What to produce. Every line of the records must be repeated exactly; pictures stay out.

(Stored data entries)
★ ★ ★ ★ ★ ★ ★

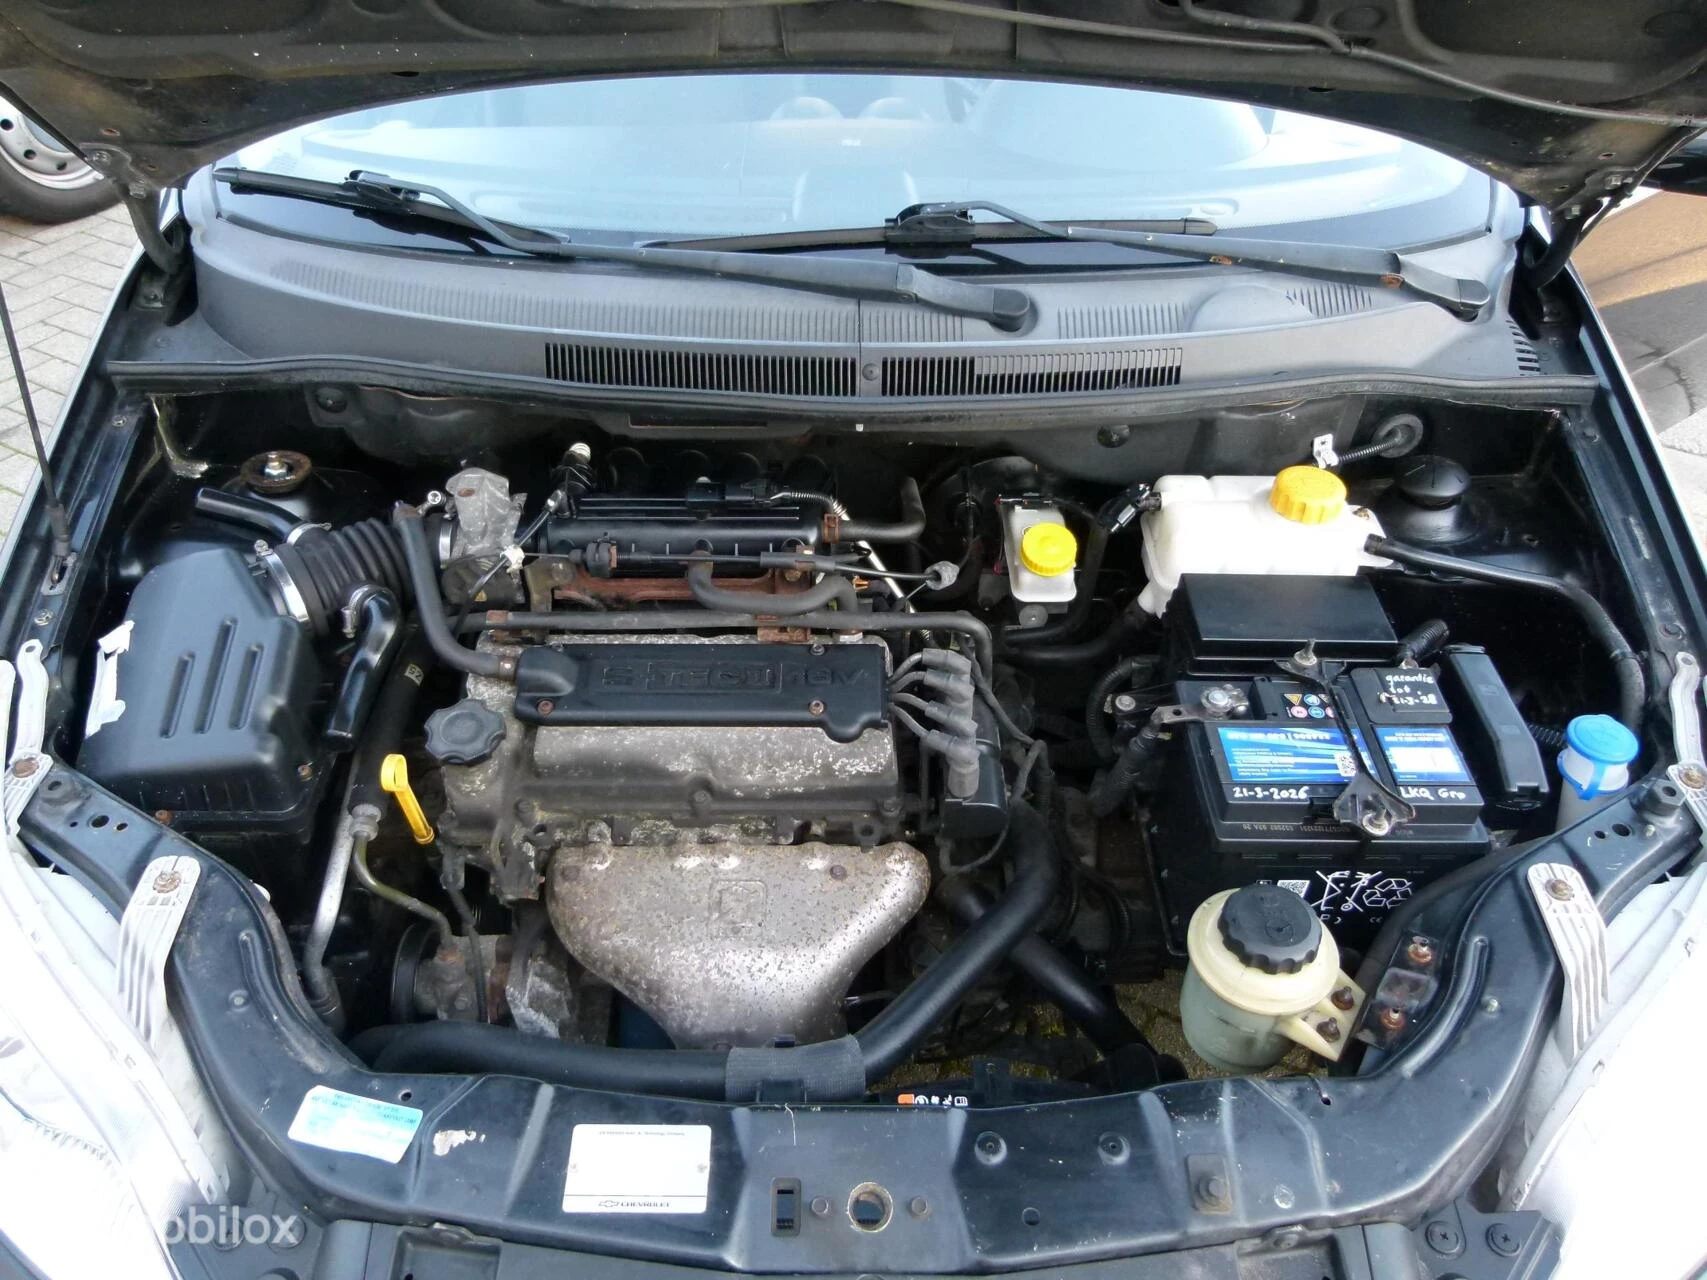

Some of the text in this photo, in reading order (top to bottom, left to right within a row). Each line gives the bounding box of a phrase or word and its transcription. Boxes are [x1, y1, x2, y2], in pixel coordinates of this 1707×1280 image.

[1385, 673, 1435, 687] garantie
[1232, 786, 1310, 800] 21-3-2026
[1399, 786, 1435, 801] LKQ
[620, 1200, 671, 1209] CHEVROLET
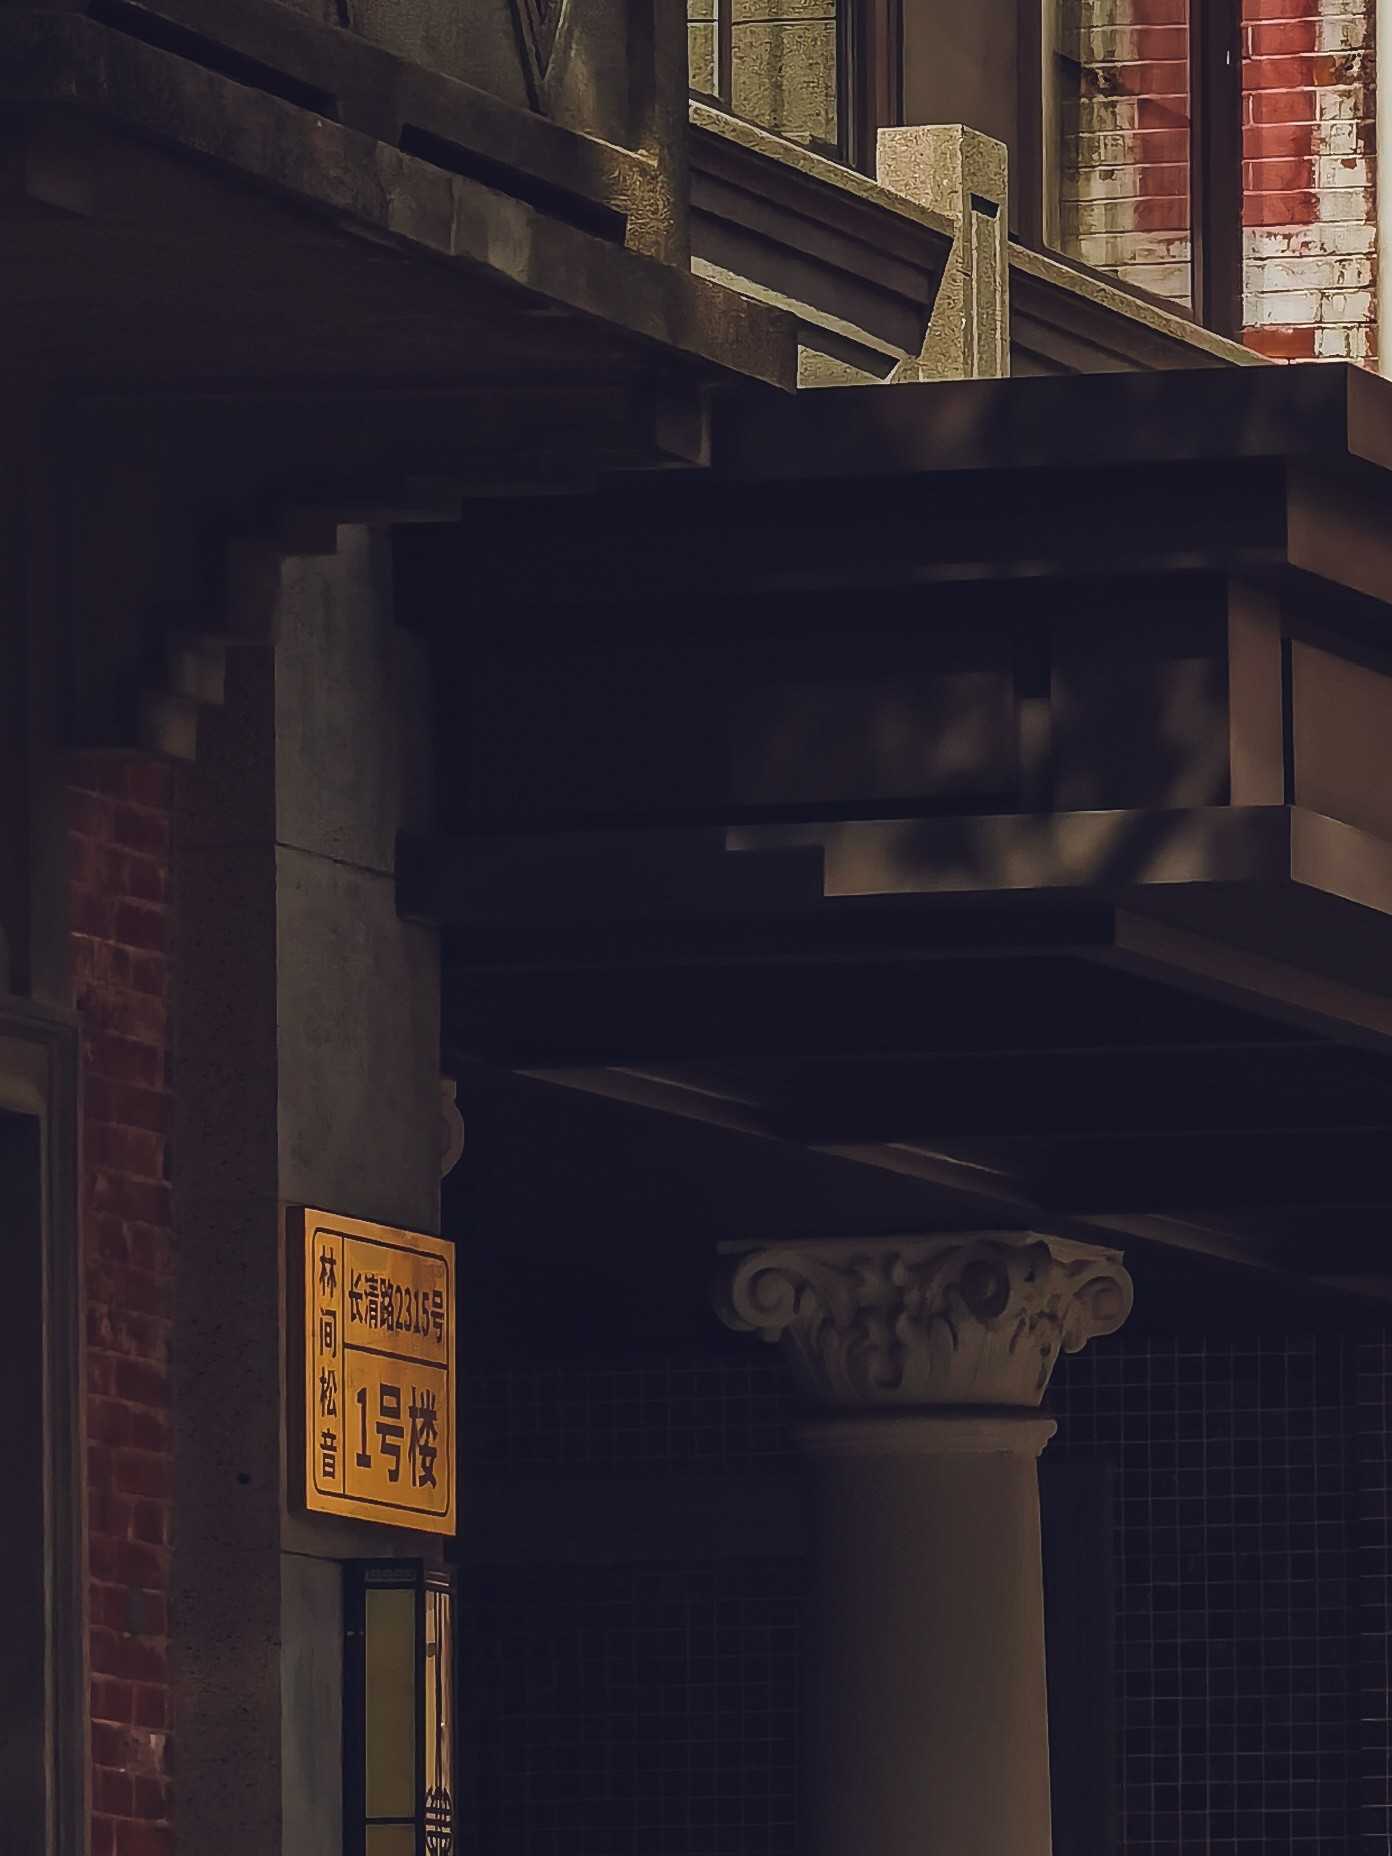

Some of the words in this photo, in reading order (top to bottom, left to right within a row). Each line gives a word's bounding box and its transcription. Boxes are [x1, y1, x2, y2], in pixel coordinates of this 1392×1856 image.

★ ★ ★ ★ ★ ★ ★

Response for this exercise.
Some of the text in this photo, in reading order (top to bottom, left to right within a row). Each line gives the bounding box of a phrase or word and its transcription. Boxes are [x1, y1, x2, y2], in pixel coordinates of this 1707×1280 image.

[1385, 673, 1435, 687] garantie
[1232, 786, 1310, 800] 21-3-2026
[1399, 786, 1435, 801] LKQ
[620, 1200, 671, 1209] CHEVROLET

Some of the words in this photo, in reading order (top to bottom, left to right within a row). Each line gives a word's bounding box and its transcription. Boxes are [x1, y1, x2, y2], in pixel coordinates of this 1392×1856 image.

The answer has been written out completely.